World's Fair

I was struck by the comments over at Razib’s blog on the matter of Jamaicans and genetic pre-disposition. I even left a skeptical comment there about it. I’ll keep going on about it here.

I’m sure genetic make-up has something to do with pretty much everything; and I’m just as confident that other factors (coaching, money, environment, cultural value, education, prestige, discipline, etc.) have something to do with pretty much everything. So it’s a wash. But if a Jamaican wins a race and everyone says its because of genes, then why isn’t anyone asking if American women have the Beach Volleyball gene? Why isn’t everyone asking if the Chinese have the gymnastics gene? Why isn’t everyone asking if the Kenyans have the non-skiing gene? Why are Kenyans so god-awful at nordic events? Why oh why could that be? Is it the non-skiing gene? Given the reasoning advanced in the comments to Razib’s post, I’m left to conclude that this must be the case. And while we’re at it, why isn’t everyone asking if the Orioles have the bad-pitching gene?


At first blush, the comments at Gene Expression seemed kinda funny, like people were trying to be facetious (like this guy). The conversation tracked onto the genetic cause question and then the disagreements were about why and how genes caused Jamaican success, not whether or not there is more to it (though someone eventually got to that). Scienceblogs is supposed to be about the public conversation of science and, in this case, we have a good example of why that doesn’t work very well: what is the basic understanding of science that people bring to the conversation?

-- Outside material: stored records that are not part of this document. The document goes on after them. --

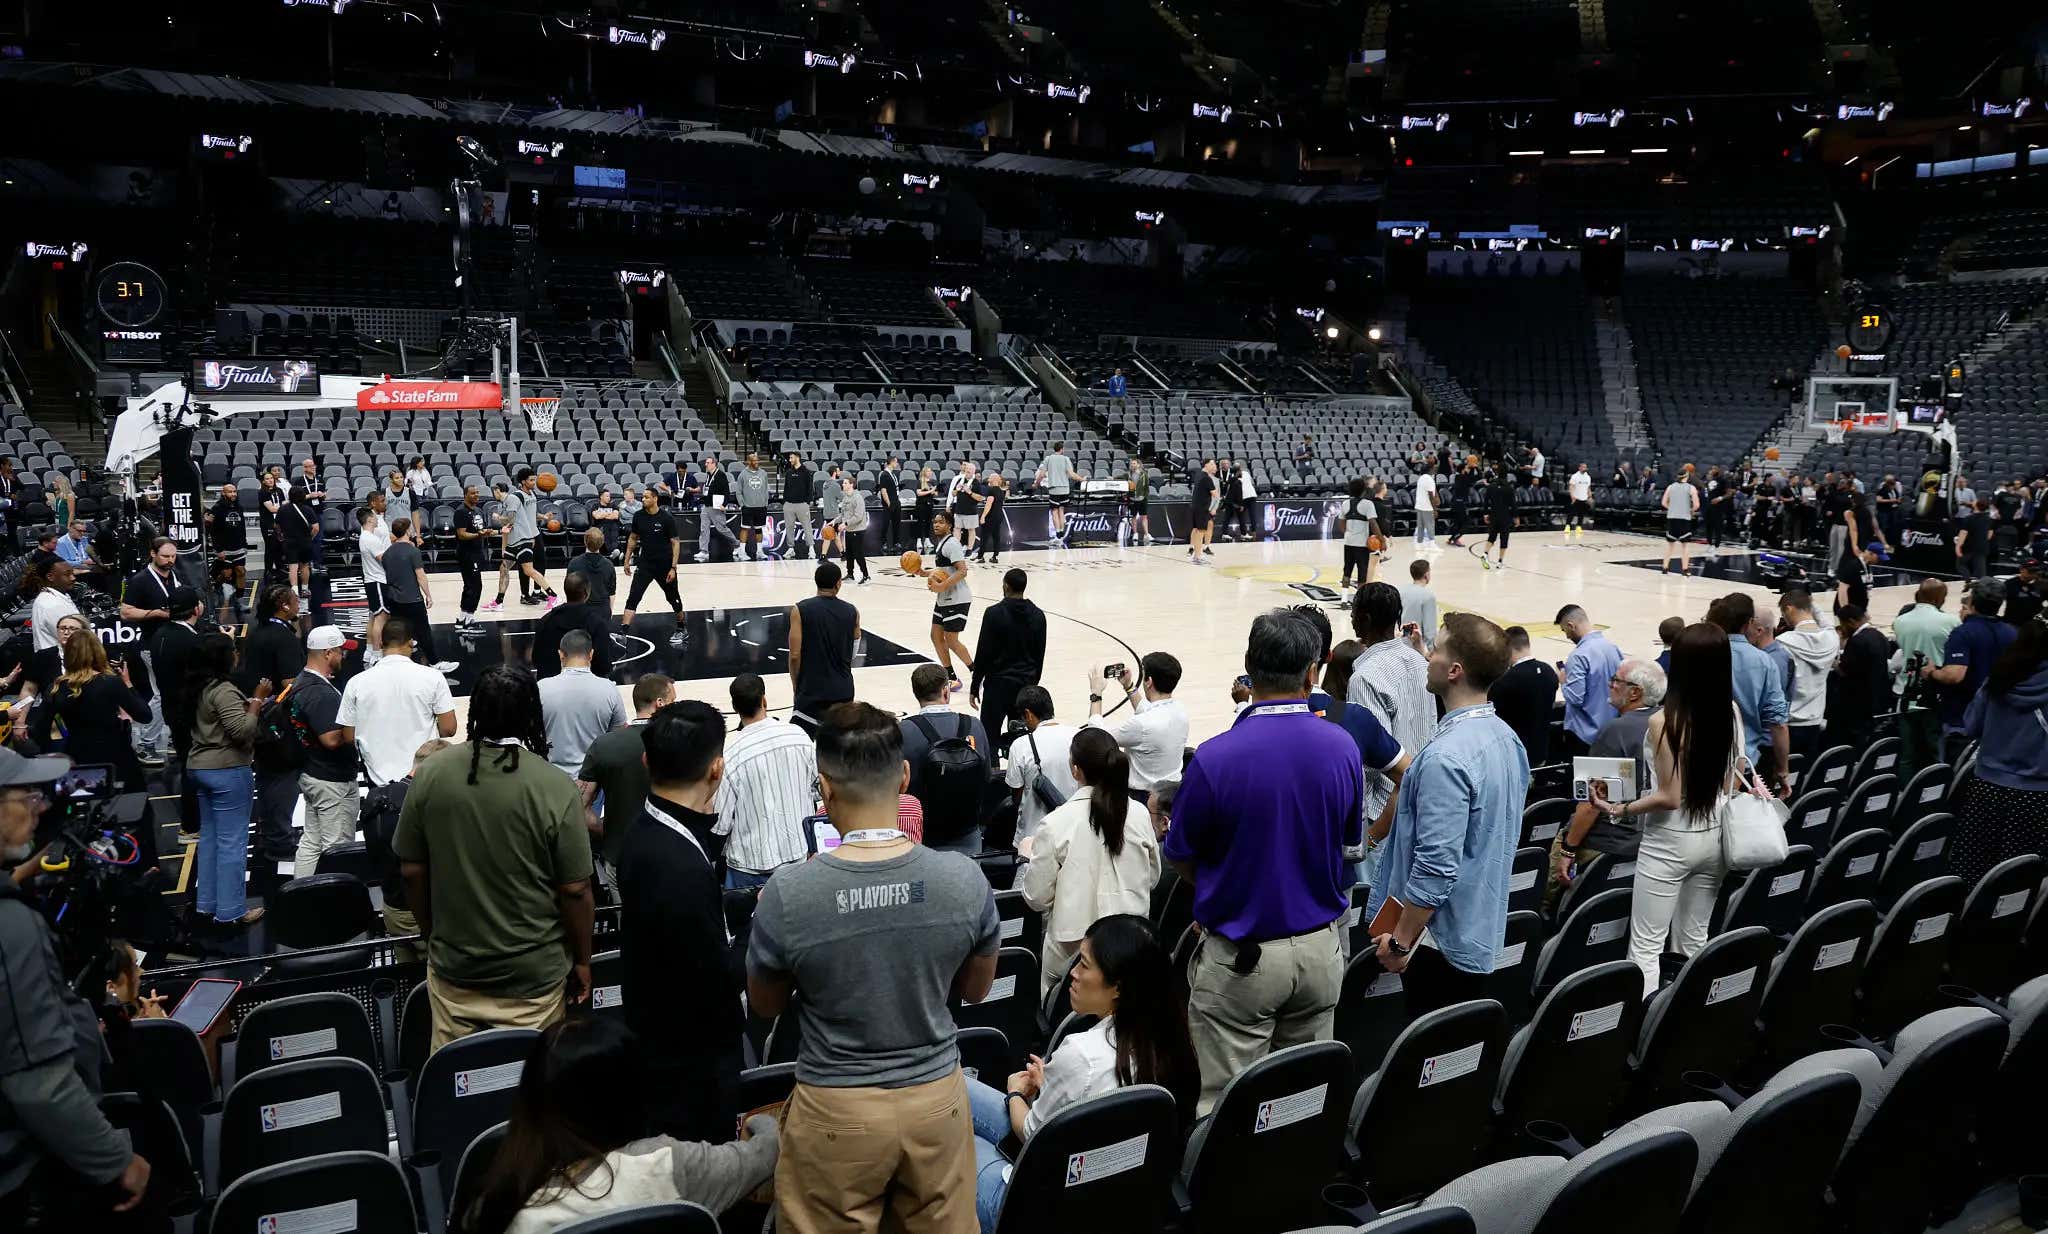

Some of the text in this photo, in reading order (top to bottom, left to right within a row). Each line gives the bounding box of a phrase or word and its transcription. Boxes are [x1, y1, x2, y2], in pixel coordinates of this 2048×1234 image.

[615, 30, 648, 44] Finals
[810, 54, 839, 68] Finals
[1053, 85, 1077, 99] Finals
[1844, 105, 1875, 120] Finals
[1408, 117, 1434, 129] Finals
[208, 136, 236, 148] Finals
[523, 142, 550, 155] Finals
[33, 246, 68, 258] Finals
[625, 272, 650, 284] Finals
[118, 282, 143, 297] 3.7
[119, 332, 162, 340] TISSOT
[215, 365, 276, 390] Finals
[172, 493, 191, 508] GET
[172, 508, 193, 523] THE
[1272, 507, 1317, 534] Finals
[179, 525, 198, 542] App
[1062, 512, 1112, 540] Finals
[1906, 531, 1944, 547] Finals
[329, 576, 368, 601] ULTRA
[849, 882, 910, 911] PLAYOFFS

I am not in a position to say what science is, though we can use empirical evidence from studies of science to know what it isn’t (unchanging, asocial, or universal). The easier part, though, is to treat the comments as evidence for what the public understanding of genetics is. That is safer, less judgmental, more analytical territory. It seems that causal relationships dominate that understanding, that singular silver-bullet correlations are hard to get away from, and that, from this, the public understanding of genetics is one understood as one cause = one effect.

Except for a silver in hurdles, the Jamaican men didn’t even place in the last Olympics. So has their genetic pre-disposition just surfaced, in four years? Did they evolve since 2004 to become so fast? And, again, why aren’t we debating why the women’s beach volleyball team is so good? Do they have a genetic pre-disposition to claim that the bikini is merely the most comfortable uniform? Are cameramen genetically predisposed to zero in on wedgies?

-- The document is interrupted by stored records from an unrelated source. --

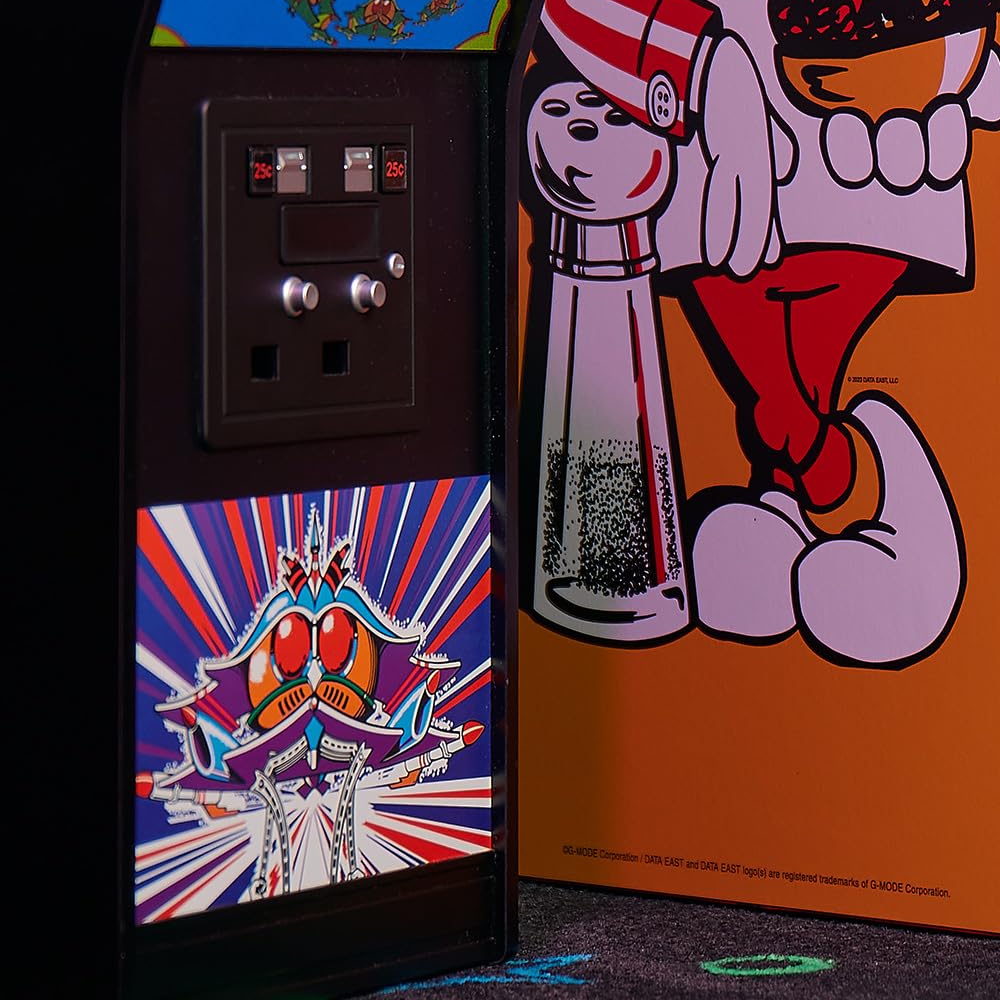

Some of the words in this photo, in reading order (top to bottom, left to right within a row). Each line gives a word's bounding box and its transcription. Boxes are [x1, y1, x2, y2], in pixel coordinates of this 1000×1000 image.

[644, 854, 662, 865] DATA
[664, 856, 685, 868] EAST
[686, 859, 699, 870] and
[700, 860, 719, 872] DATA
[720, 862, 741, 875] EAST
[768, 869, 780, 879] are
[782, 870, 818, 883] registered
[819, 874, 859, 888] trademarks
[861, 879, 869, 889] of

This is all Dave’s territory anyway, not mine. Maybe he knows what’s up.

Comments

  1. #1 Bob O'H
    August 22, 2008

    In the past few years the UK has been running an intensive eugenics programme to breed the best sportsmen and women. Early work out-sourced to Australia showed that the genes we were interested in were linked to the sitting down gene, which limited what we could achieve somewhat.

    Oddly, I now hear that in the US there is strong linkage disequilibrium between the genes for sprinting and not being able to hold a baton.

  2. #2 jj
    August 22, 2008

    I took a required ‘core’ class my freshman year in college that was about ‘social justice’ (it was actually a writing class for first quarter freshmen, but the topic was social justice). One of the topics we discussed were the idea that Africans had some gene that made them ‘faster’ or more athletic. Now this wasn’t a genetics class, or even taught by a science professor (an I was a Biology Major, so I did take genetics courses). But what the main point of the discussions was centered around, was do those of African decent have a gene to make them faster. The answer was no, but that social pressures push those of African decent into sports as opposed to other professions. The idea is that there should be roughly the same ratio of those who are from African decent and those who are of European decent who have the genetic disposition to be an athlete. The key here is genetic disposition, not that you are or you are not. It happens that since those who are disenfranchised by society will to sports as an ‘out’. So, then, those of African decent and are pre-disposed to become more athletic are likely to follow sports and train than a person of white decent with the same disposition.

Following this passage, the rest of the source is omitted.